GCC assumes that input variables in inline assembly are fully consumed
before any output variable is written. This means it may allocate the
variables in the same register unless the output variables are marked
as early-clobber.
From Jeremy Huddleston:
I noticed a problem building pixman with clang and reported it to
the clang developers.
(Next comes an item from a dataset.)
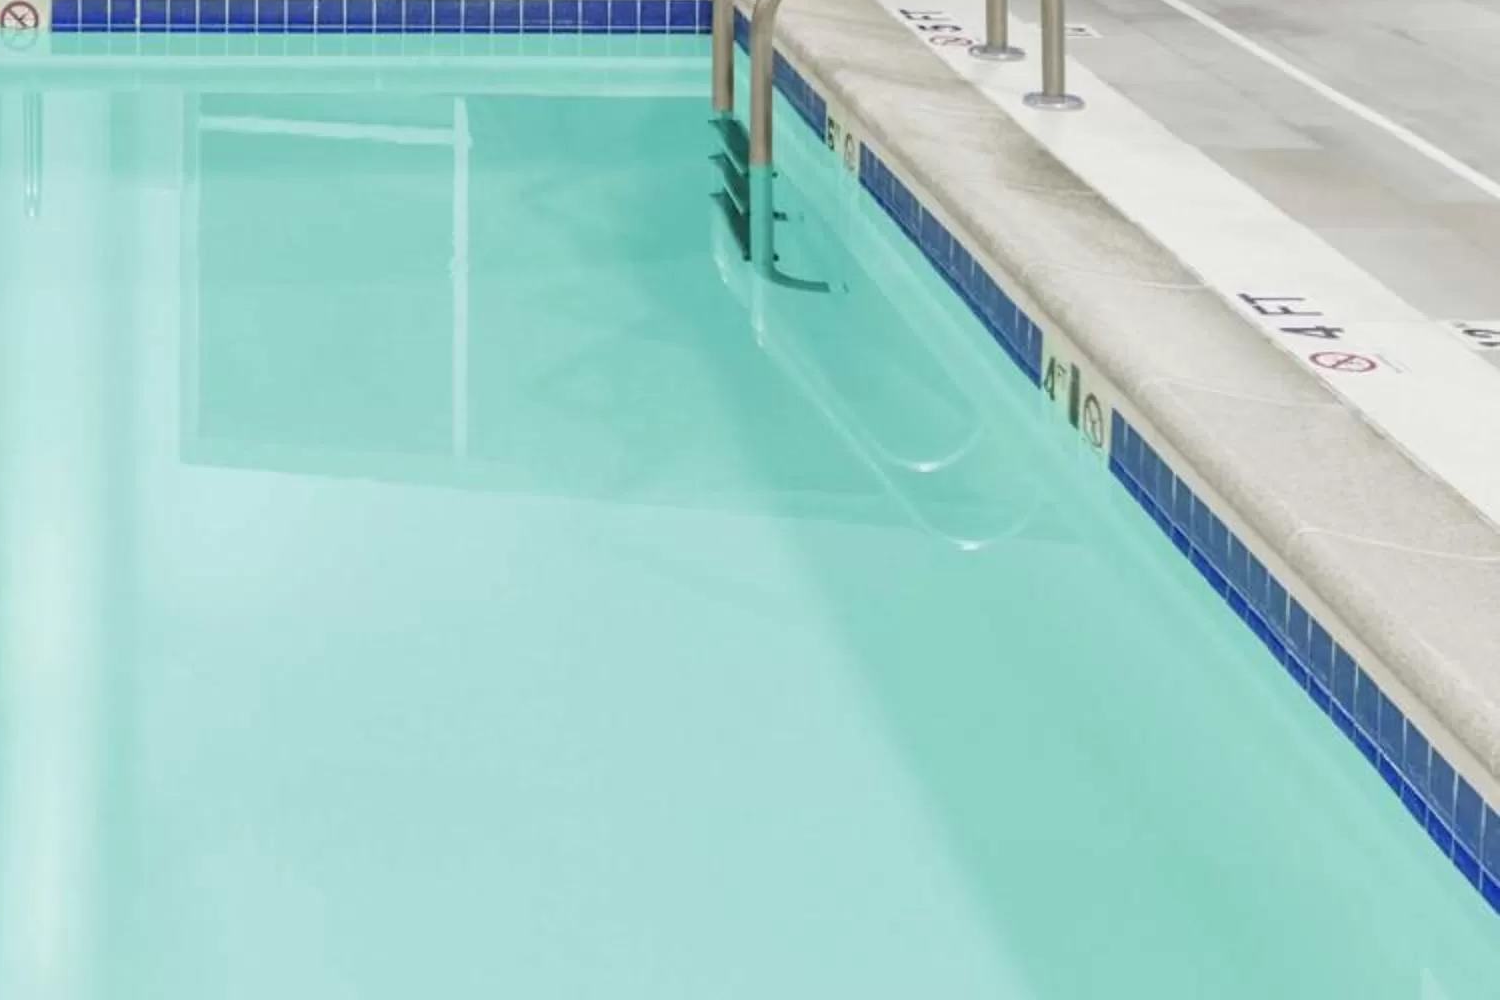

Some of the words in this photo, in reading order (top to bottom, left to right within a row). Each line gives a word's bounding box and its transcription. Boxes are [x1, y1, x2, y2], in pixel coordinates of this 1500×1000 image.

They responded back with a comment about
the inline asm in pixman-mmx.c and suggested a fix:
"""
Incidentally, Jeremy, in the asm that reads
__asm__ (
"movq %7, %0\n"
"movq %7, %1\n"
"movq %7, %2\n"
"movq %7, %3\n"
"movq %7, %4\n"
"movq %7, %5\n"
"movq %7, %6\n"
: "=y" (v1), "=y" (v2), "=y" (v3),
"=y" (v4), "=y" (v5), "=y" (v6), "=y" (v7)
: "y" (vfill));
all the output operands except the last one should be marked as
earlyclobber ("=&y"). This is working by accident with gcc.
"""
Cc: jeremyhu@apple.com
Reviewed-by: Matt Turner <mattst88@gmail.com>
"movq %7, %4\n"
"movq %7, %5\n"
"movq %7, %6\n"
- : "=y" (v1), "=y" (v2), "=y" (v3),
- "=y" (v4), "=y" (v5), "=y" (v6), "=y" (v7)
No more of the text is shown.